Flatline Constructs is effectively a large-scale attempt to better define “hyperrealist” literature. Fisher is particularly concerned with disentangling hyperrealism from the “metafiction” associated with literary theory on so-called “postmodern” literature. This disentangling is a means to differentiating then-contemporary cyberpunk fiction, best exemplified by William Gibson’s 1984 novel Neuromancer, as a unique literary development, a “new realism” that “begins to affect, rather than simply reflect” the world.3 In fact, Fisher believes that cyberpunk literature is not only quite different from metafiction, but it’s opposite. Metafiction is defined by its tendency to comment on literary conventions, heightening the reader's awareness of the fictional space by highlighting its formal boundaries. Cyberpunk, according to Fisher, is distinct from metafiction because it collapses these boundaries; it does not reinforce fiction’s status as fiction by commenting on it, but acts as an extension of reality; it is hyperreal.  

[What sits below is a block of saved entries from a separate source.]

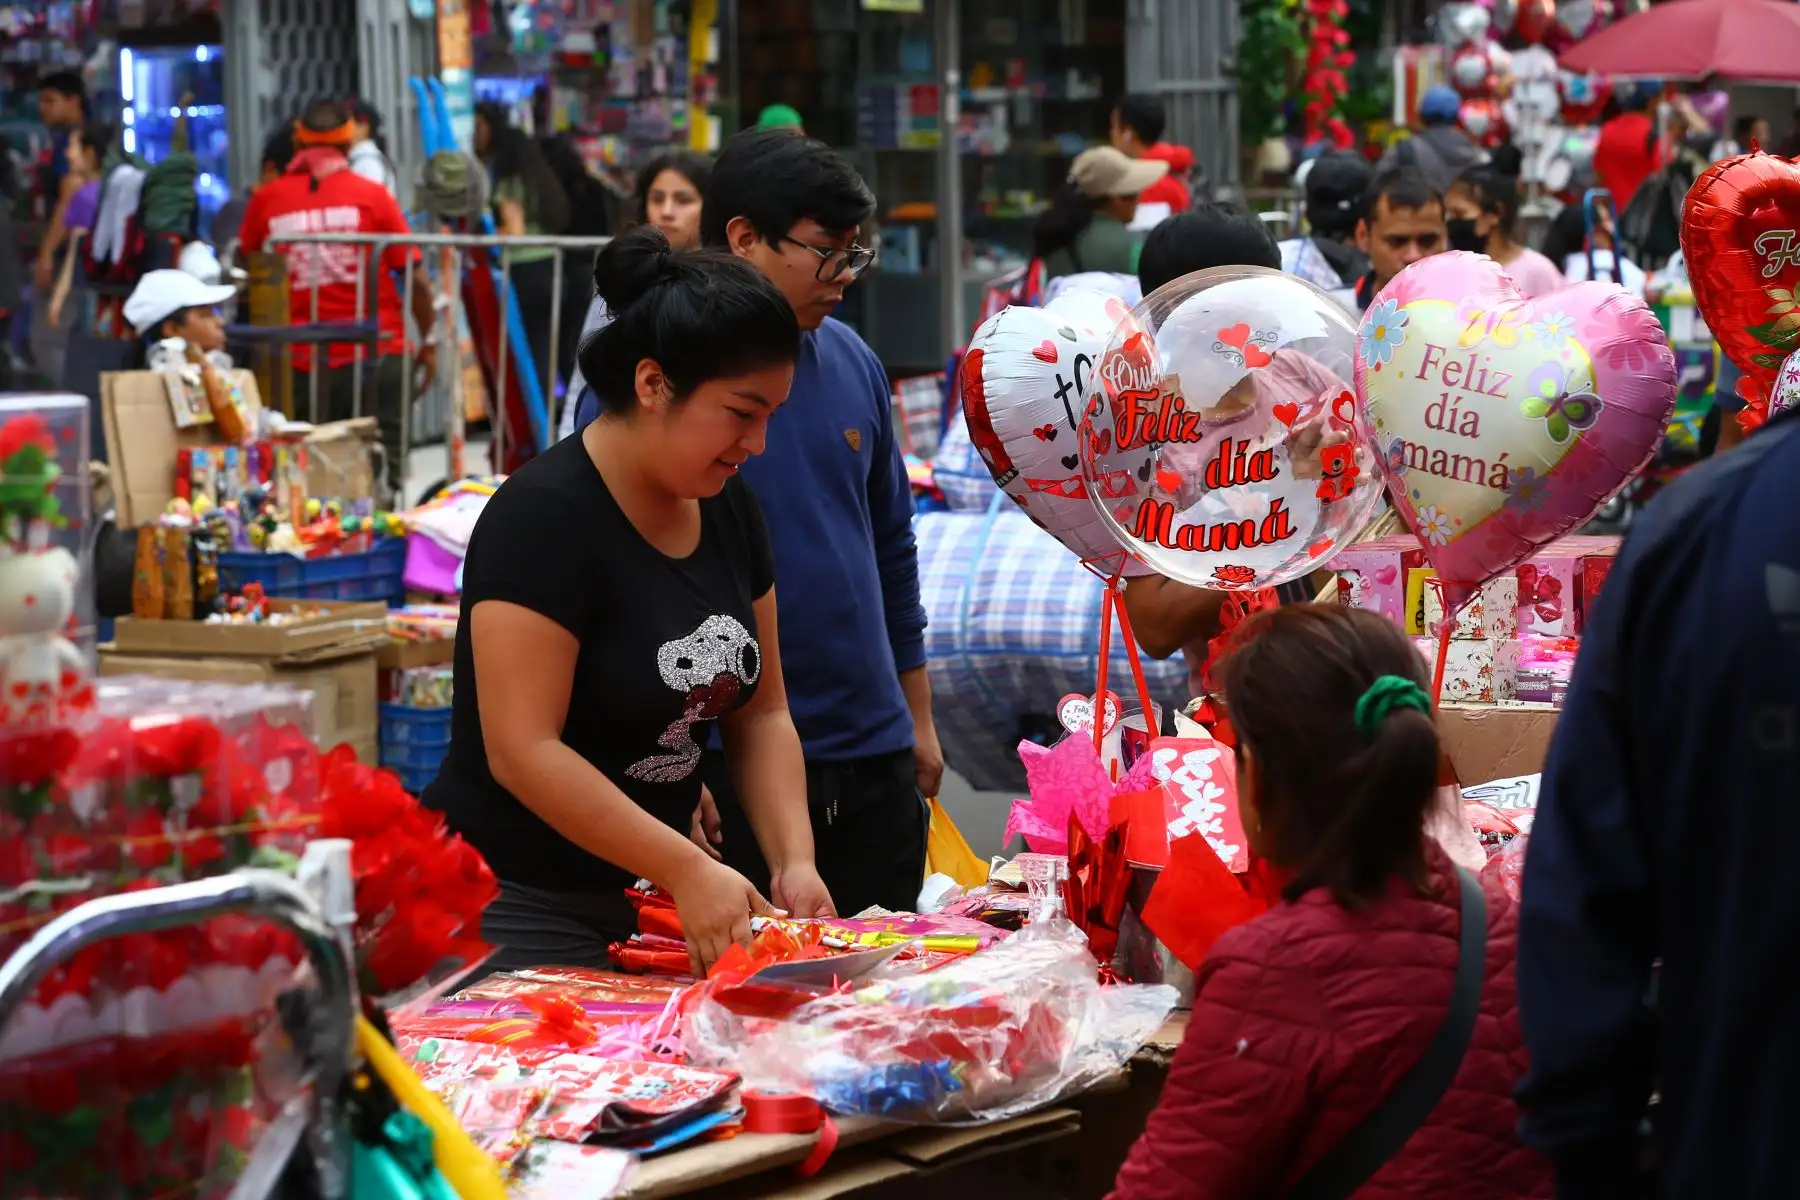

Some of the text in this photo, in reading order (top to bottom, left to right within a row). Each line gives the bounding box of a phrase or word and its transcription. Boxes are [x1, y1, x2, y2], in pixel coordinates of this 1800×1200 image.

[1414, 343, 1514, 400] Feliz
[1115, 387, 1203, 450] Feliz
[1424, 393, 1481, 439] día
[1204, 436, 1280, 490] día
[1399, 439, 1512, 490] mamá
[1124, 496, 1298, 553] Mamá
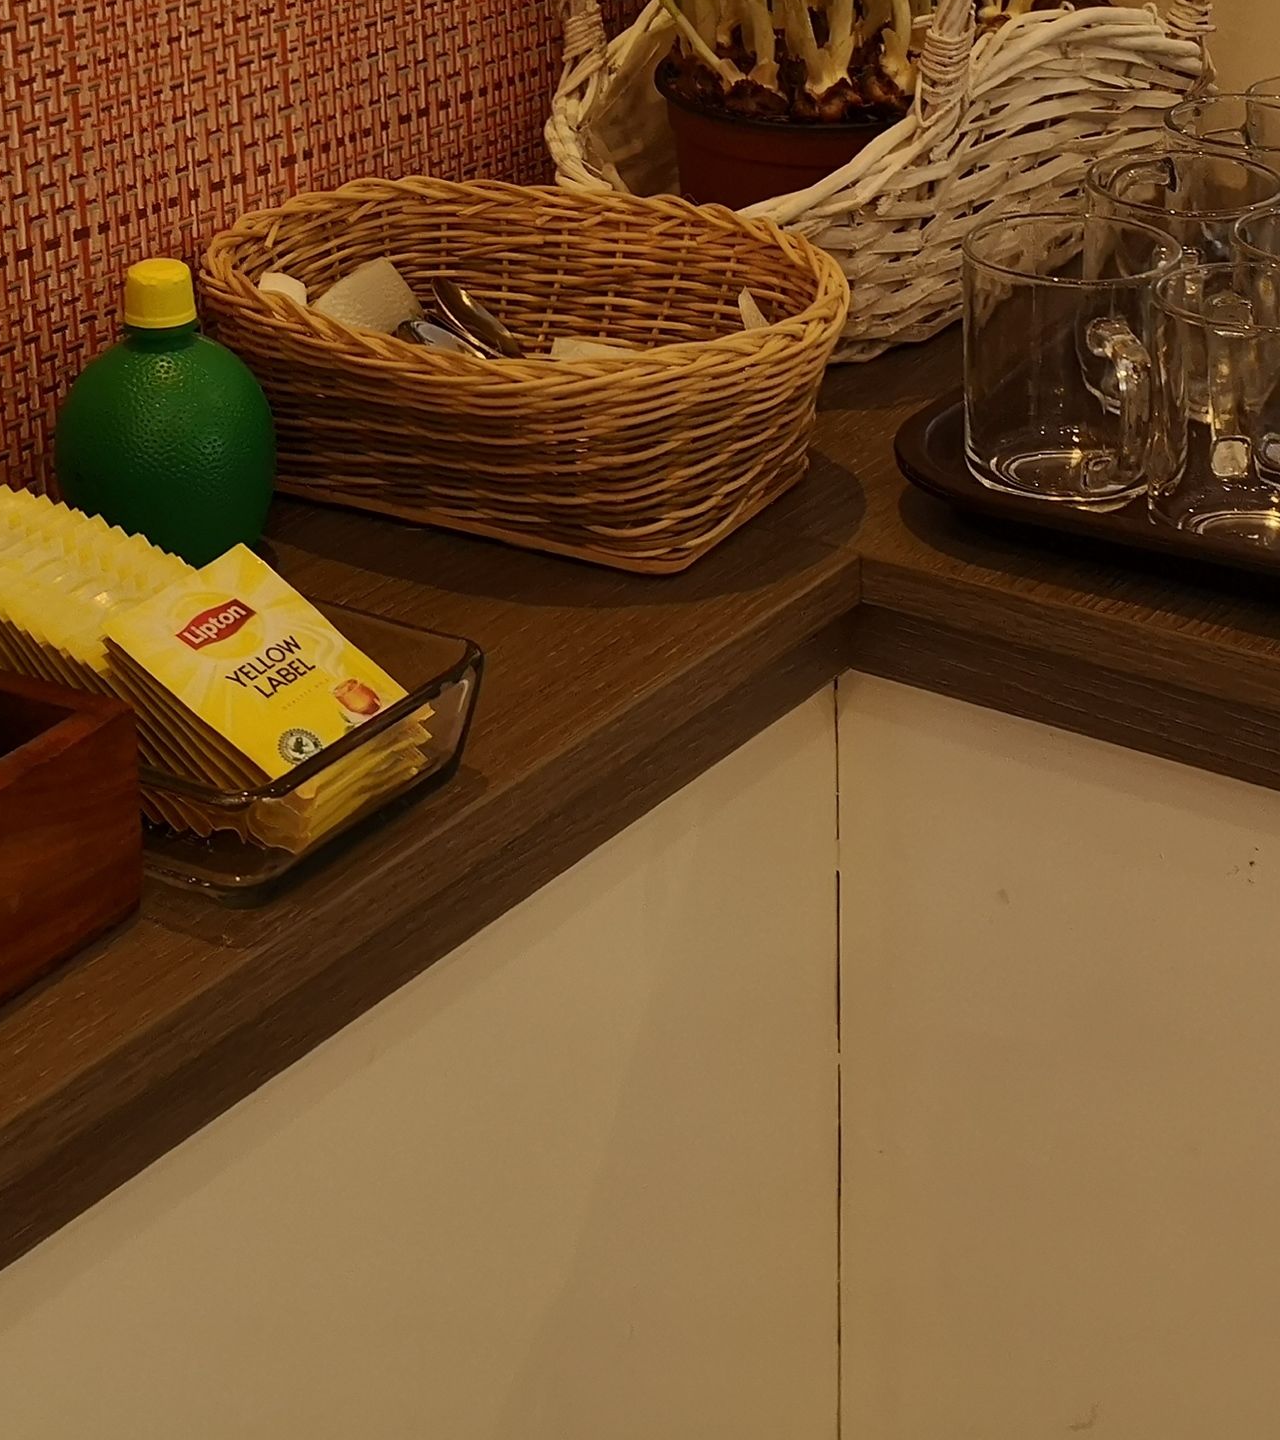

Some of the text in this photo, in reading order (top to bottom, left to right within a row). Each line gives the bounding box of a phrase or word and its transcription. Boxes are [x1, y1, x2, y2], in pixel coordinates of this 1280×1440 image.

[182, 604, 248, 645] Lipton
[225, 634, 302, 688] YELLOW
[254, 657, 316, 699] LABEL

As one follows his attempt to demarcate the specificity of hyperrealism, Fisher’s commitment to the Spinozist faction of the “new materialist” wave that overtook certain quarters of anglophone academia in the 1990s is on full display. As a result, his terminological apparatus is littered with explicit appeals to the work of French theorists Gilles Delueze and Felix Guattari, whose co-written books in the 1970s and 80s were pivotal to introducing the ideas of seventeenth-century Dutch philosopher Baruch Spinoza, especially his form of ontological monism, to a generation of anglophone scholars outside philosophy departments. Spinozist ontological monism is important to Fisher’s project because it provides the philosophical backing for his own claims regarding cyberpunk fiction’s hyperrealism. Simply put, the Spinozist position sees difference as an epistemological construct without ontological status. 

French philosopher Jean Baudrillard also looms large as Fisher’s primary source for the concept of hyperrealism. However, Fisher subjects Baudrillard to a sympathetic critique from his Spinozist perspective in an attempt to do what he did best—hone an idea—in this case hyperrealism, into an applied literary theoretical concept.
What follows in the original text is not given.